Leaving a power vacuum would allow the Taliban to quickly take back control of the government and give a safe haven to al-Qaeda, eroding any progress that the U.S. has made.”

— Gus Beringer

The main obstacle the Trump administration will face in the Afghanistan War is the opium trade. According to Professor of History at the University of Wisconsin-Madison Alfred McCoy, “In the almost fifteen years of continuous combat since the US invasion of 2001, pacification efforts have failed to curtail the Taliban insurgency largely because the United States could not control the swelling surplus from the county’s heroin trade. As opium production surged from a minimal 180 tons to a monumental 8,200 in the first five years of US occupation, Afghanistan’s soil seemed to have been sown with the dragon’s teeth of ancient Greek myth. Every poppy harvest yielded a new crop of teenaged fighters for the Taliban’s growing guerrilla army.” Because the U.S. has not attacked the source of funding, the Taliban has continued to grow despite the U.S. invasion.

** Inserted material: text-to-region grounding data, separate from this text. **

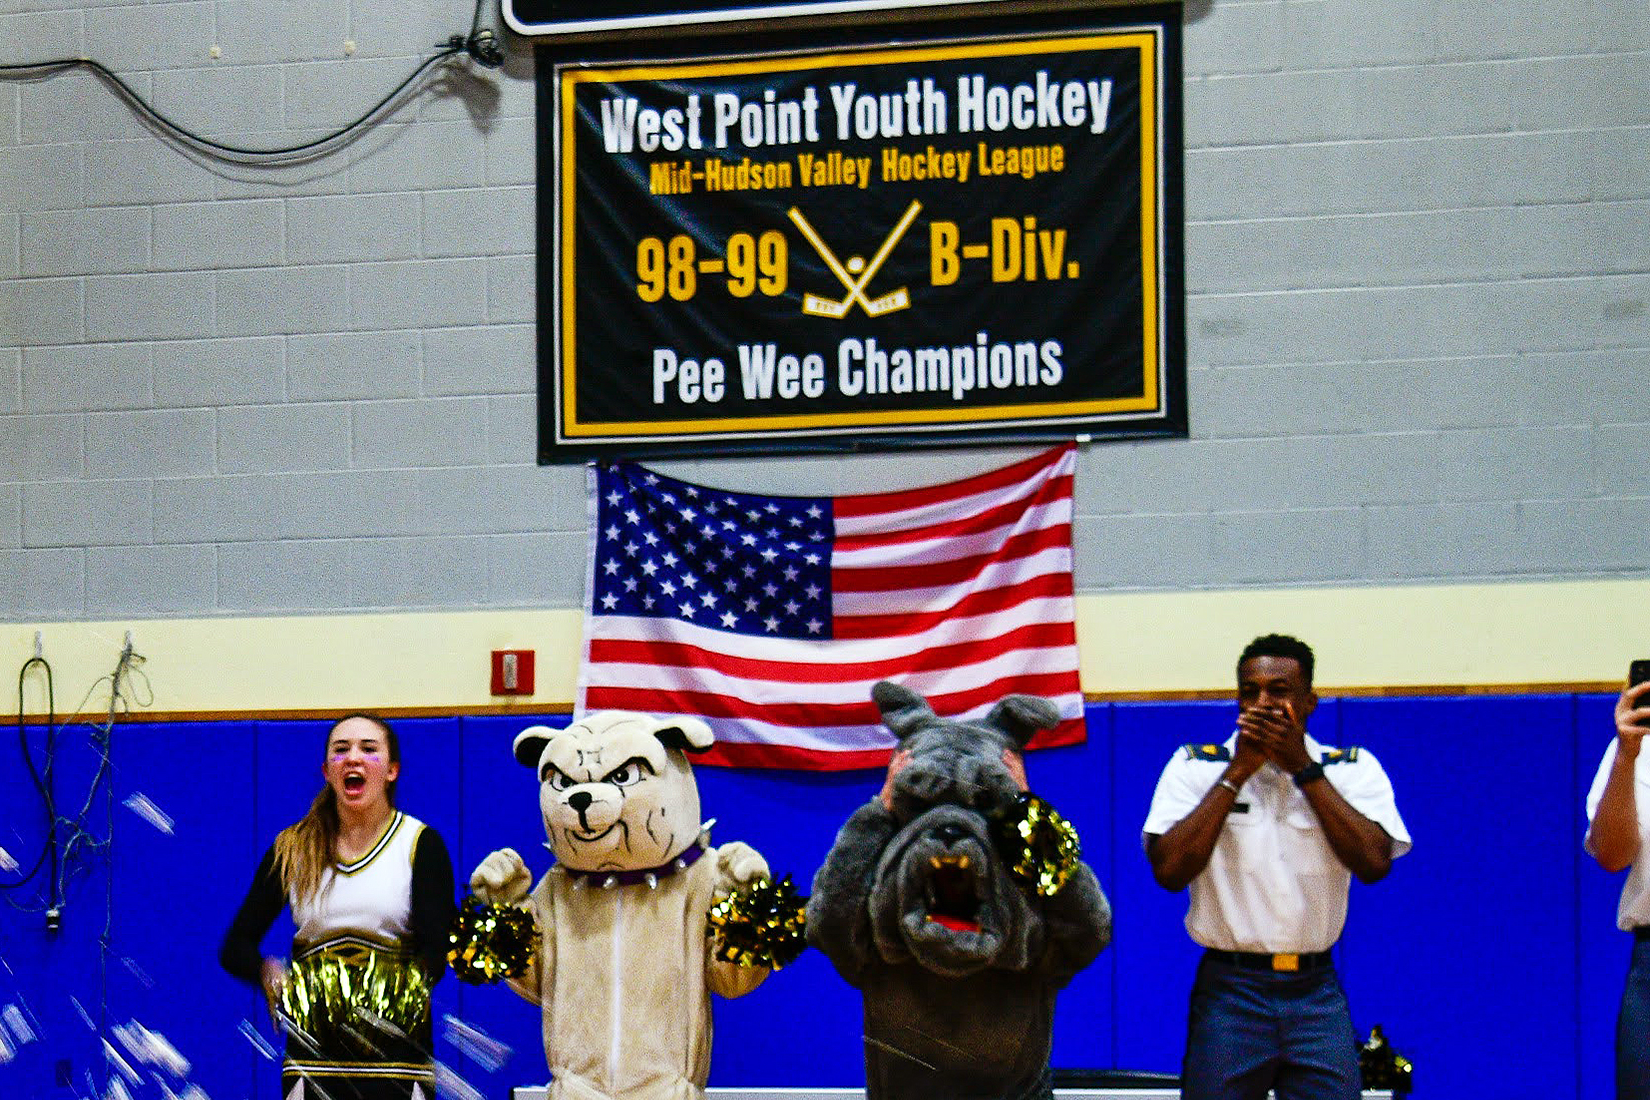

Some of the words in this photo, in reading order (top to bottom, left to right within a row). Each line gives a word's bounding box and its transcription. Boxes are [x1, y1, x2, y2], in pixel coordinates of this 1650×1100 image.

[600, 94, 703, 154] West
[714, 88, 820, 149] Point
[829, 78, 948, 141] Youth
[957, 69, 1113, 135] Hockey
[649, 157, 792, 196] Mid-Hudson
[798, 149, 872, 190] Valley
[881, 144, 971, 183] Hockey
[977, 140, 1065, 180] League
[636, 229, 789, 303] 98-99
[929, 215, 1080, 287] B-Div.
[652, 347, 725, 404] Pee
[738, 342, 825, 399] Wee
[838, 330, 1064, 400] Champions

However, the U.S. can’t easily stop opium production. When the provincial governor Gulab Mangal visited the town Marja in the Helmand province, a widow told him that, “If they come with tractors, I will lie down in front of the tractors and they will have to roll over me and kill me before they can kill my poppy.” Afghanistan’s economy is addicted to opium. The Trump Administration will have no easy options for ending the trade in Afghanistan.

The state of perpetual war can’t continue. The Trump Administration must find some way to bring an end to America’s longest war. Just packing up and leaving will not save Afghanistan, but we can not stay without solving the inherent problems that keep the Taliban alive.